An HDF5 primer¶

The currently recommended file format for NeXus is HDF5. Hence, understanding the basic concepts behind HDF5 is absolutely mandatory to work with NeXus in a productive way.

HDF5 differs from the commonly used file formats in two fundamental ways

It is a binary format.
The data is organized as a tree rather than as tables.

A very abstract view on an HDF5 tree. The basic elements are group, datasets, attributes and links.

An HDF5 data tree is represented using the following basic objects

groups which are the nodes of the tree
datasets which are the data storing leaves
links which connect nodes and leaves
attributes which are, with some limitations, similar to datasets and can be attached to groups and datasets to store additional meta-data.

Though this sounds rather complex, in practice, an HDF5 tree looks quite similar to a file system tree.

HDFview showing data stored in an HDF5 file. The left panel shows the data tree which looks quite similar to a filesystem tree.

In this picture the groups represent directories, datasets are the files in each directory and links can be hard- or symbolic-links as they are used on common filesystems. There is no equivalent the HDF5 attributes in this picture but this is not a serious limitation.

Paths and links¶

HDF5 uses a path syntax similar to Unix file systems to address objects within a file.

To access the data field in the mythen group the following path can be used

/entry/instrument/mythen/data

The connections between the objects resembling an HDF5 file are made by links. HDF5 has 3 kinds of links

hard links - which is used when a new object is created
soft links - like symbolic links on a filesystem they can be used to refer to an existing object at a different location
and external links - which can be used to reference objects in a different file.

For users in particular the latter two are of importance. Soft links can be used to avoid data duplication. In the above example the datasets below /entry/data for instance are soft-links to datasets stored somewhere else in the file. All links in HDF5 are completely transparent to the user. This means that the procedure to access a dataset does not depend on whether or not the access is made via a hard-, a soft-, or an external-link.

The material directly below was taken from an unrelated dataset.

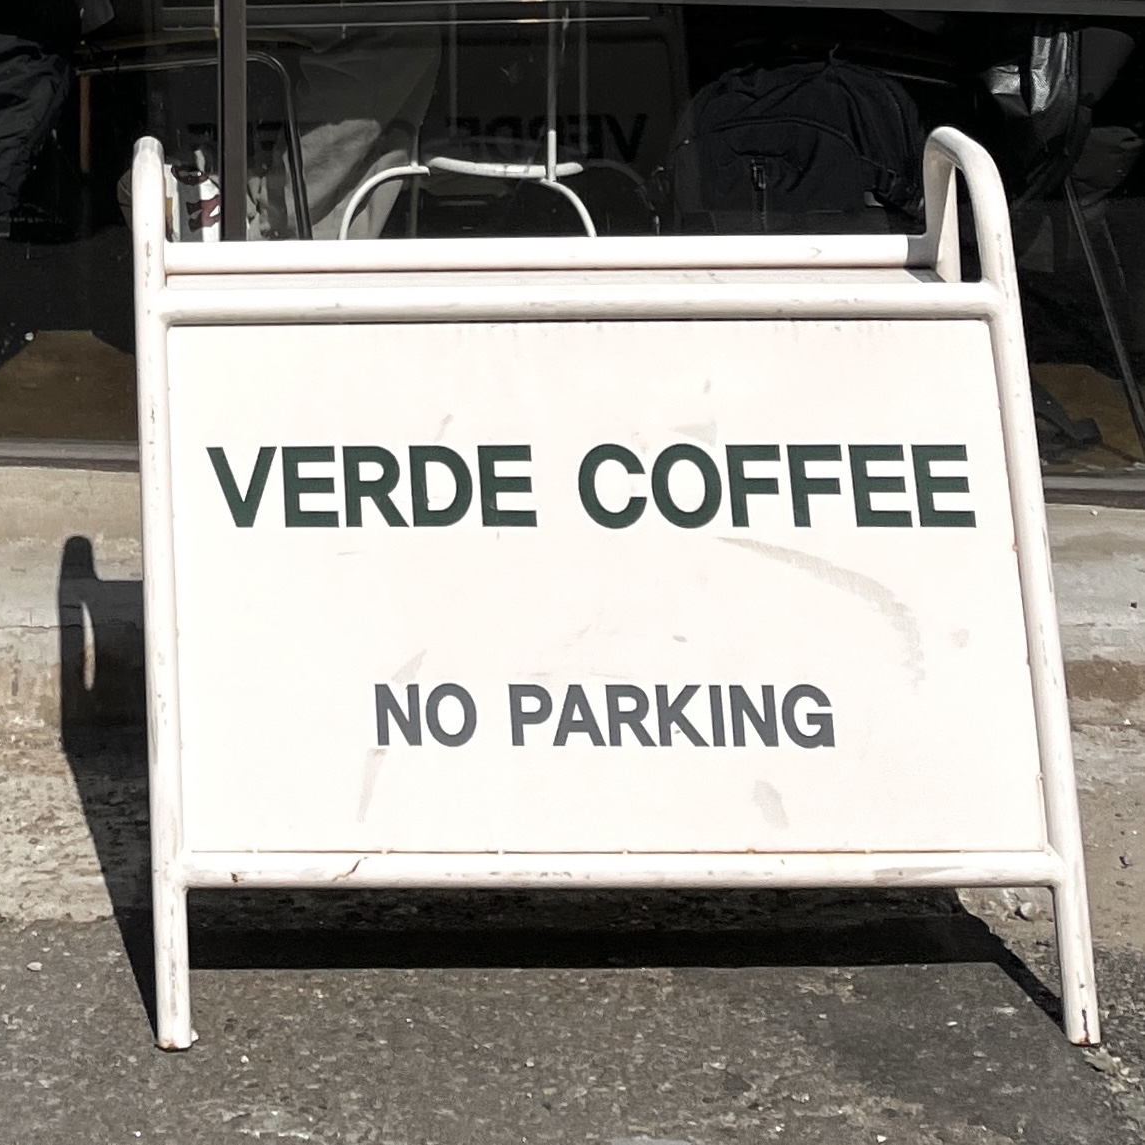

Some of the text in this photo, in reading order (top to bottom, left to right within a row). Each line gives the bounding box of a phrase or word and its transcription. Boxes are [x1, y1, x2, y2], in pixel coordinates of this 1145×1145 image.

However there are some pitfalls users should be aware about. The most important one is that like on a filesystem, soft- and external-links can be created whether or not the target (the object the link refers to) exists. If it does not, trying to access the object via the link will cause a failure. Aside from this rather obvious problem there is an additional one which particularly concerns external links.

It is strongly recommended to use relative paths (relative to the location of the file where the link should be created) when creating external links. This ensures that the link can be resolved even when the directory structure the files reside in is copied to a different location. However, there is a small inconvenience. Consider that the path to the target file is relative to the location of the file where the link is created. If we try to access the data via the external link the program trying to access the data should have its current directory set to the location of the file with the link. Otherwise the resolution of the external link will fail.

Compression of individual datasets¶

To reduce the amount of disk space occupied by a data file on might think about using compression to reduce its size. However, compressing the entire file has several disadvantages

not all data within the file are compressable with reasonable data reduction
compressing the entire file would require quite some work to access small amounts of meta-data stored within it.
different data within the file cannot be compressed with different algorithms.

To overcome these issues HDF5 provides the functionality to apply compression to individual datasets rather than to the entire file. Consider for instance a file with data from an experiment with a large 2D detector. The detector images are stored in a 3D dataset as a single block. However, they occupy 95% of the amount of disk space occupied by the file. Everything else is mall meta-data. With HDF5 it is possible to apply compression only to the dataset with the 3D data. Thus, retrieving meta-data is as fast as before but the ammount of disk space required is significantly reduced. In particular with low-noise detectors this makes a lot of sense.

It is also possible to use different compression algorithms for different datasets.